He was gratified to see that both Mae and Jamie ducked their heads at that, like they'd suddenly spotted something very shiny on the ground, but more like they didn't want Seb to see them smiling.

-

"Okay!" Mae announced, grabbing one of the kitchen chairs and swinging it around so she could straddle it. She set a couple sheets of paper down on the table with greater flourish than they probably deserved. "I have successfully compiled a list of everyone in the Salisbury area with a bird daemon."

Across from her, Alan lowered his spoon back into his cereal and tilted his head inquisitively. "Salisbury?"

"Where we saw Gerald's daemon last," Mae said, with a vague wave of her hand in Nick and Jamie's general direction. Alan shot Nick a look, plainly saying, _what have you been doing when I haven't been there to supervise?_

Nick raised his eyebrow in return, saying, _I haven't been doing anything with your pet humans that they didn't want me to do._

Lounging behind Alan's chair, Paige lifted her head, rumbling low in her chest, but before Alan could say anything, Mae moved again, setting a map down next to the list. "So it turns out that there aren't a lot of people with quetzal daemons," she said excitedly, "much less quetzal daemons that can travel the distance away from their humans that Gerald's can, because they're big and colorful and showy and -- showy," she made a flowy gesture with her hand that, if you hadn't seen a quetzal and their long, long tails, could mean anything at all. "Anyway, we spotted her --"

"Him," Nick and Alan said in unison.

Mae blinked, derailed. "I beg your pardon?"

Alan took a casual bite of his cereal. "Gerald's daemon is a him. The girl quetzals are less --" he mimicked Mae's hand movement.

There was a stifled sound from the other end of the table, like Jamie or his bat daemon tried to muffle a giggle.

"Oh," said Mae haltingly. "I did _not_ know that." She cut a glance at Shill, who leapt up onto the table by her elbow, his body an elegant curve arched on the table edge. "How many times have we met with him for some assignation of evil, and that slipped our notice?" She paused for a moment, like she just thought of something, then opened her mouth.

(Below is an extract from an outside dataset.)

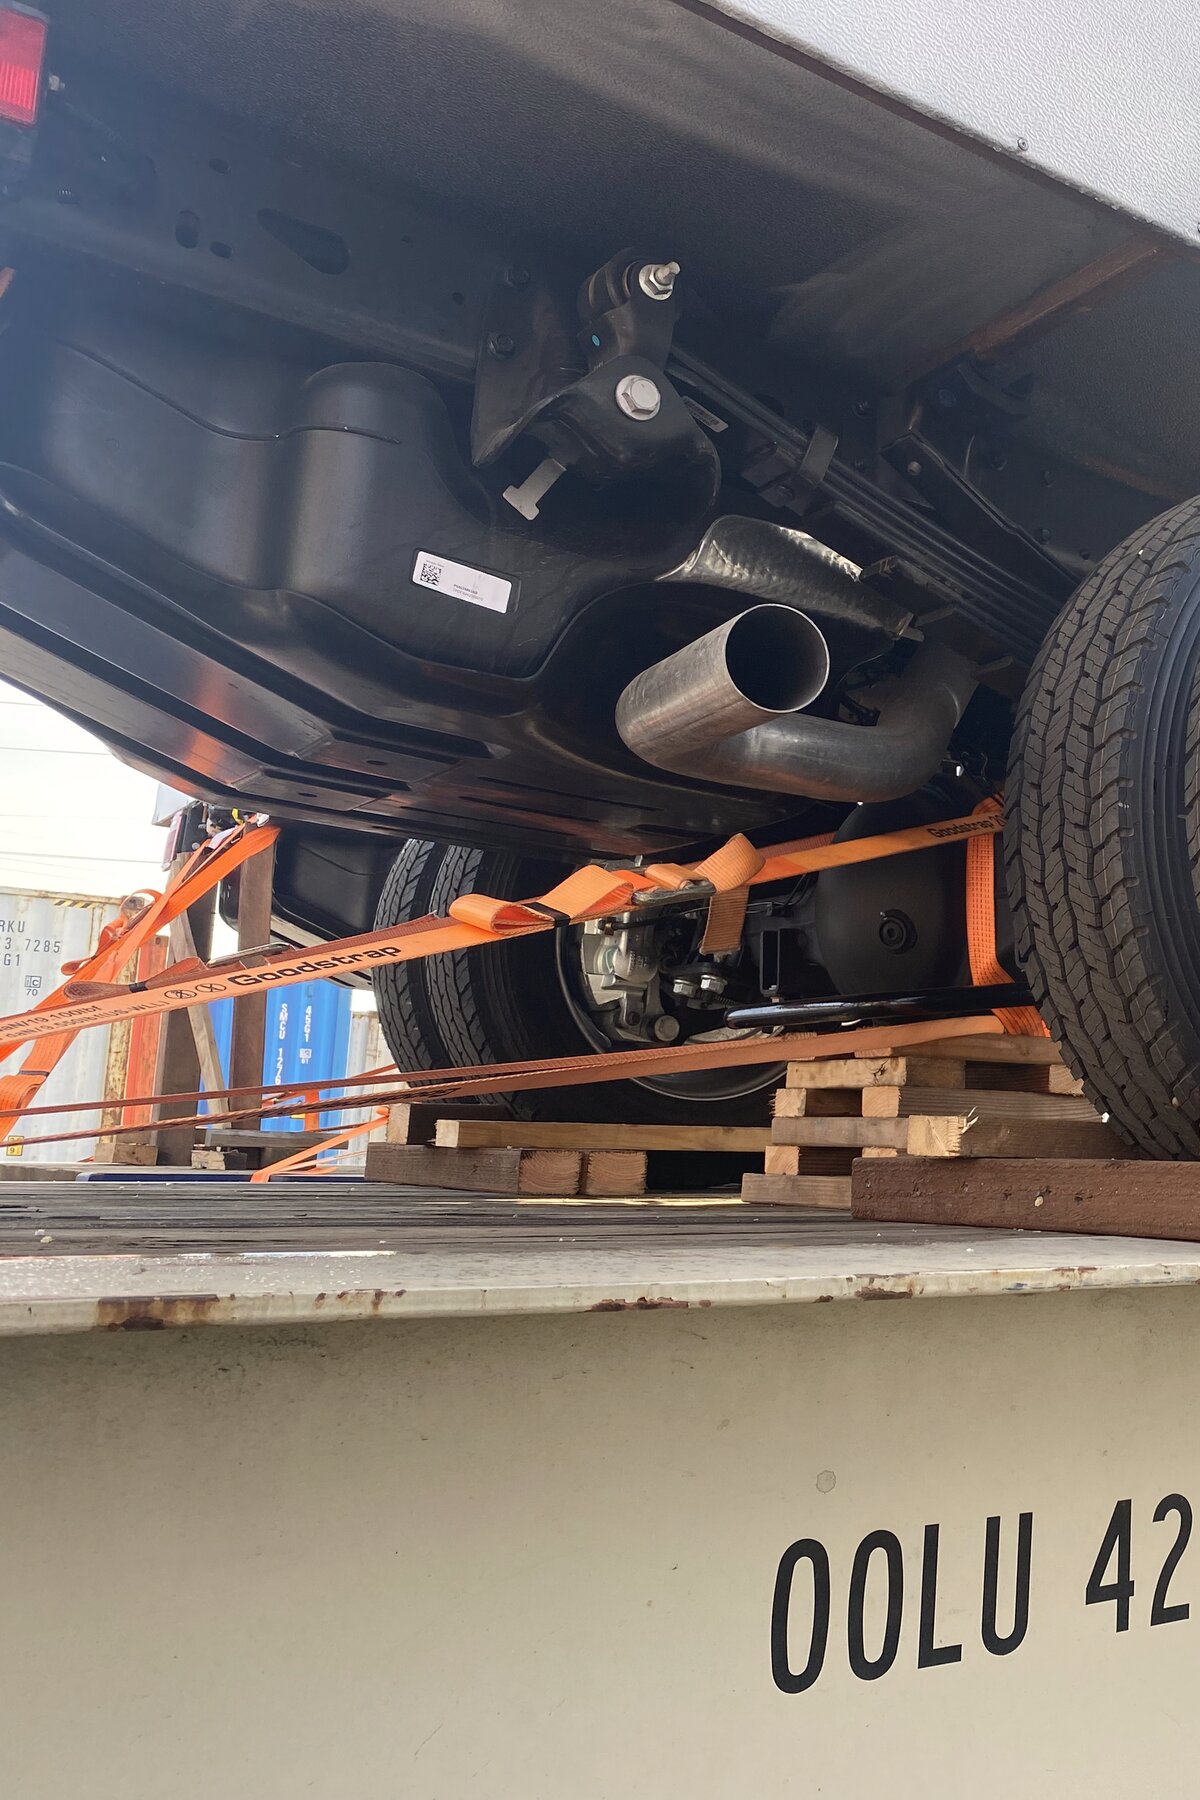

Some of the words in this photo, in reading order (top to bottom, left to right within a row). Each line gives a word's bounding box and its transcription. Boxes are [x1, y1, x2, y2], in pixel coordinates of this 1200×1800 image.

[24, 938, 61, 954] 7285
[226, 945, 403, 987] Goodstrap
[770, 1511, 1034, 1695] OOLU

"No," Nick cut in before she could say it. "Contrary to what prejudice and fiction would have you believe, the gender of a person's daemon is _not_ an accurate indicator of their sexual preference. Look at your brother, for example."

"I resent that implication," went Jamie, deadpan.

"You resemble it," Nick shot back, remembering last second to bare his teeth in a smile to lessen the sting of delivery. "And there was my mom, her daemon was female." He knew immediately it was the wrong thing to say; Mae and Jamie both flinched, eyes shuttering away, and he remembered vaguely that they'd actually been somewhat fond of Olivia, for all that she gave them the creeps. It was probably mostly pity. He was still sorting these things out.

"Hey," said Alan, thoughtful. He took a hold of the map of the corner and tugged on it a little bit. "Shill, I think you're standing on something important."

In his haste to get out of Alan's way, Mae's little ratty whatever-it-was tried to lift all four paws off the map at once, and upon tripping over himself, skittered his way up Mae's arm. He settled onto her shoulder and hissed at Jamie's bat daemon, who poked her head out of his hood in order to laugh openly, easy and familiar.

"Would you look at that," Alan went, smile dragging at the corners of his mouth. He taps his fingernail against the map. "This, ladies and gentlemen, would be a bar called the Bird in Hand."

"When making a top-secret magician's hang-out, name it something really subtle," Nick remarked, wry.

"Your evil magician father had a raven daemon," Jamie pointed out blithely. "I don't think subtlety is these guys' strong point."

-

Seb's daemon turned out to be the smallest, plainest little brown wren Nick had ever seen. She probably wouldn't even fit in the palm of his hand.

"You really should have seen that coming," he said to Mae, on retreat from the magicians' villainous lair.

"Oh, shut up," she snapped back, sounding mulish, but in that way that told Nick she wasn't actually that angry; she was more hurt and wounded pride than genuinely upset.

"I saw it coming," Jamie offered, and ducked when she snatched one of the bobblehead superhero figures from Nick's dashboard and chucked at his head.

"Hey!" Nick protested, watching in the rearview mirror as Shill chased the fruit bat around the backseat, finally pinning her by the leathery folds of her wings and gnawing on her head in what might be annoyance or affection, Nick couldn't tell. "Can I have the Hulk back?"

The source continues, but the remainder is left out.